Artificial Intelligence
Mastering Big Data
Be it on the internet, at the stock exchange or in the field of medicine: the amounts of data confronting people increase to ever larger proportions. Former staff members of the Helmholtz Zentrum München have developed a software that is capable of handling large, unstructured amounts of data. In function, it follows principles that are similar to those of the human brain.
We all know it from our daily Google search: the data flood confronting us humans is ever increasing. Stock brokers predicting the price of shares, physicians attempting to understand diseases: the crucial element is always to separate the few important bits of information from the seemingly endless amount of unimportant information. The search technologies we use today may be able to search data on the basis of key words. However, redundant and overlapping information or even contextual information cannot be recognised. So the question of what is really important and what is not remains a riddle for currently employed search engines.
This is precisely what the software developed by the Clueda company, established by former scientists from the Helmholtz Zentrums München (HZM), attempts to do. They derived the basic principles of their idea from the human brain. "Our software associates and learns", says Volker Stümpflen, Managing Director of Clueda. "This enables it to extract from large amounts of data exactly those bits of information that are relevant under certain aspects."
Volker Stümpflen and his colleagues Mara Hartsperger and Benedikt Wachinger worked at the HZM Institute of Bioinformatics and Systems Biology (IBIS), where they jointly researched complex, genetically caused diseases. It is no longer a rare event that scientists such as they become company founders. This is illustrated by numbers published by Stifterverbandes für die Deutsche Wissenschaft. In 2012, according these numbers, the German universities alone generated 1,145 companies ("Gründungsradar" of the Stifterverband). Extramural research organisations such as the Fraunhofer-Gesellschaft with its intensely application-oriented approach as well as the Max Planck Society and the Helmholtz Association are not even contained in these numbers.
At the Helmholtz Zentrum München, one of the issues Stümpflen and his colleagues looked into was the problem of the flood of publications: at the time, there existed some 400,000 publications in the field of diabetes alone. If a person were to actually read all these publications, he or she would be kept occupied for about 200 years. The approaches the scientists developed to use a computer for sorting information and identifying complementary relationships germinated into the idea to develop also other products and to establish a company.
"Our software is capable of making decisions", says Stümpflen. He explains that first, the documents are "semantically processed". This means: the software not only analyses the grammatical structure of sentences, but also the context deriving from this, which it then stores in a kind of associative knowledge network. "With this knowledge it then can, for example, determine that the sentence "VW - buys - Porsche" is of relevance to share prices", says Stümpflen.
To achieve this feat, it first needs to learn a whole large amount of terms and their meaning - just like a child. In the medical field, for instance, this entails some 600,000 terms that are fed into the software by way of a knowledge basis. As of a certain amount, the system knows enough to independently extrapolate the meaning of other terms.
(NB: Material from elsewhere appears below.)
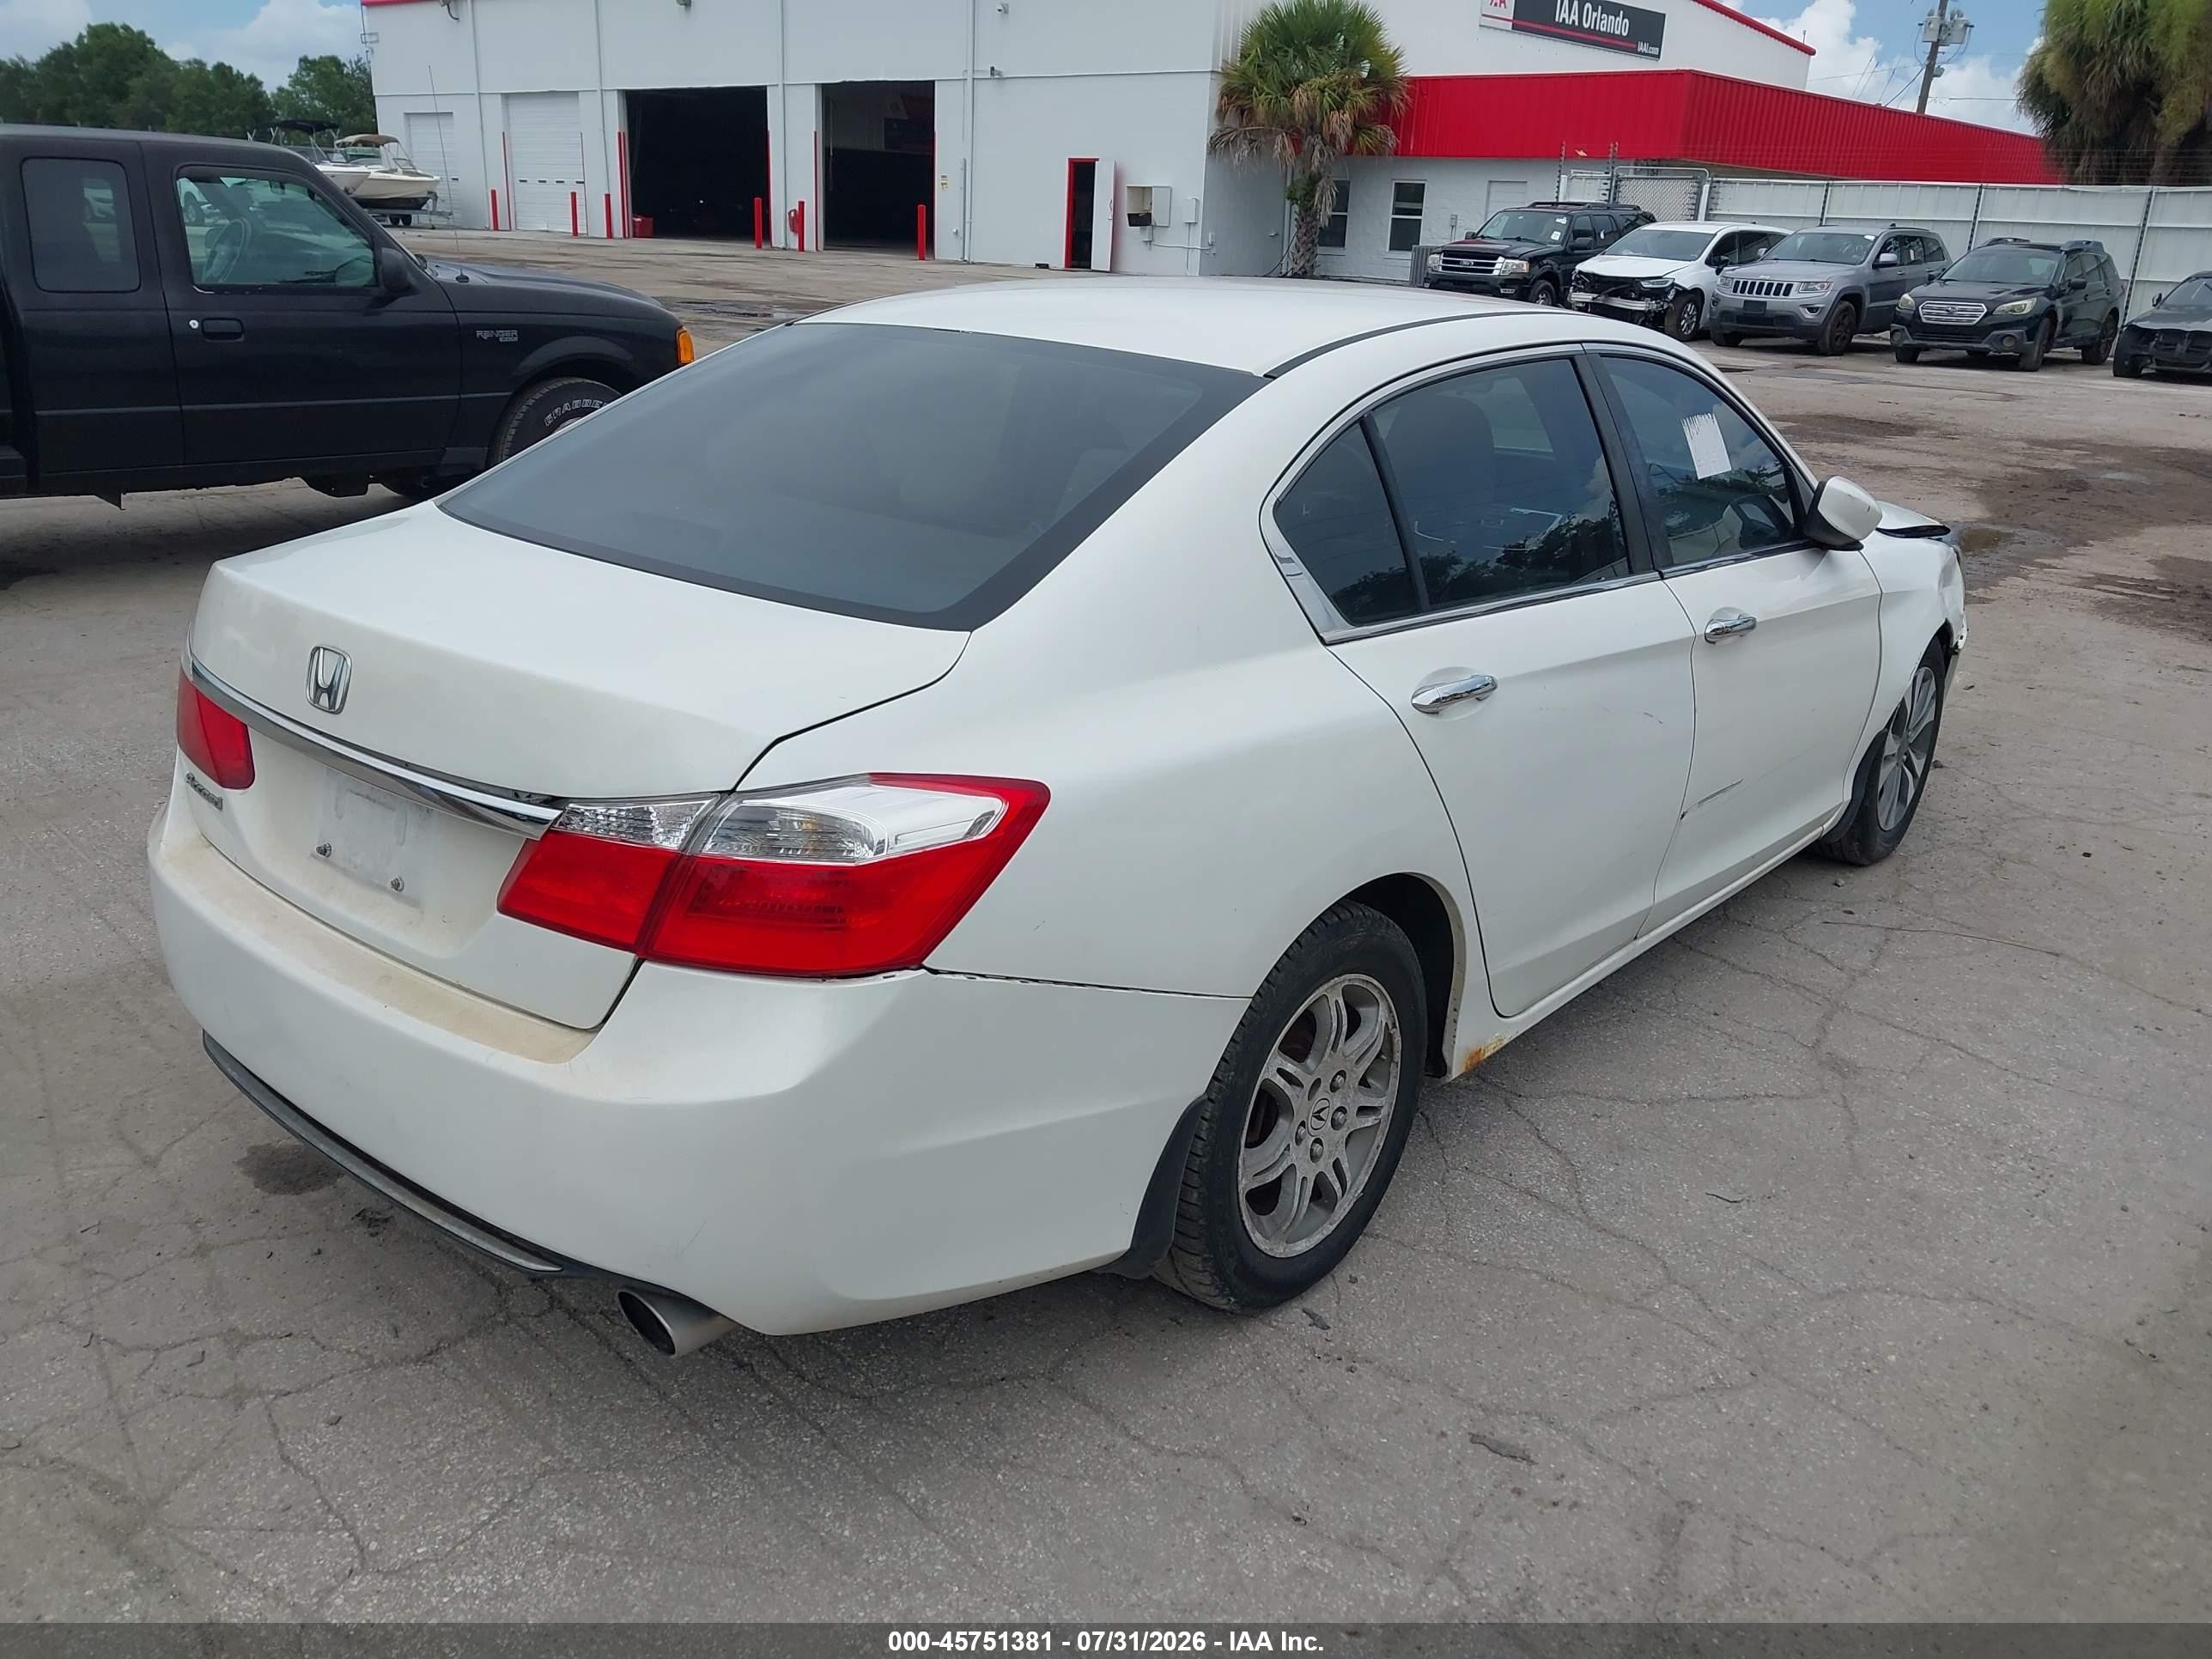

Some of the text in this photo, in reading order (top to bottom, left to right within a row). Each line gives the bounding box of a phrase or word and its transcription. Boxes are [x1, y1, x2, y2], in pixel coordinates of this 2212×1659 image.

Recently, Clueda was awarded the "Best in Big Data Award" by the Computerwoche magazine for its product "Real Time Analytics", which the company developed in co-operation with the Baader Bank. The software helps investors and stock exchange traders to filter those news that are of relevance to stock market prices from the mass of all available information. The former Helmholtz researchers have developed a software application also for the medical professions: it helps physicians to identify indications of certain disease patterns and causes from out of the bundle of patient files, medical reports and medical findings. Further applications are planned for the recruitment of "suitable" patients for clinical studies and for identifying hitherto unknown correlations between medication, genes and disease patterns.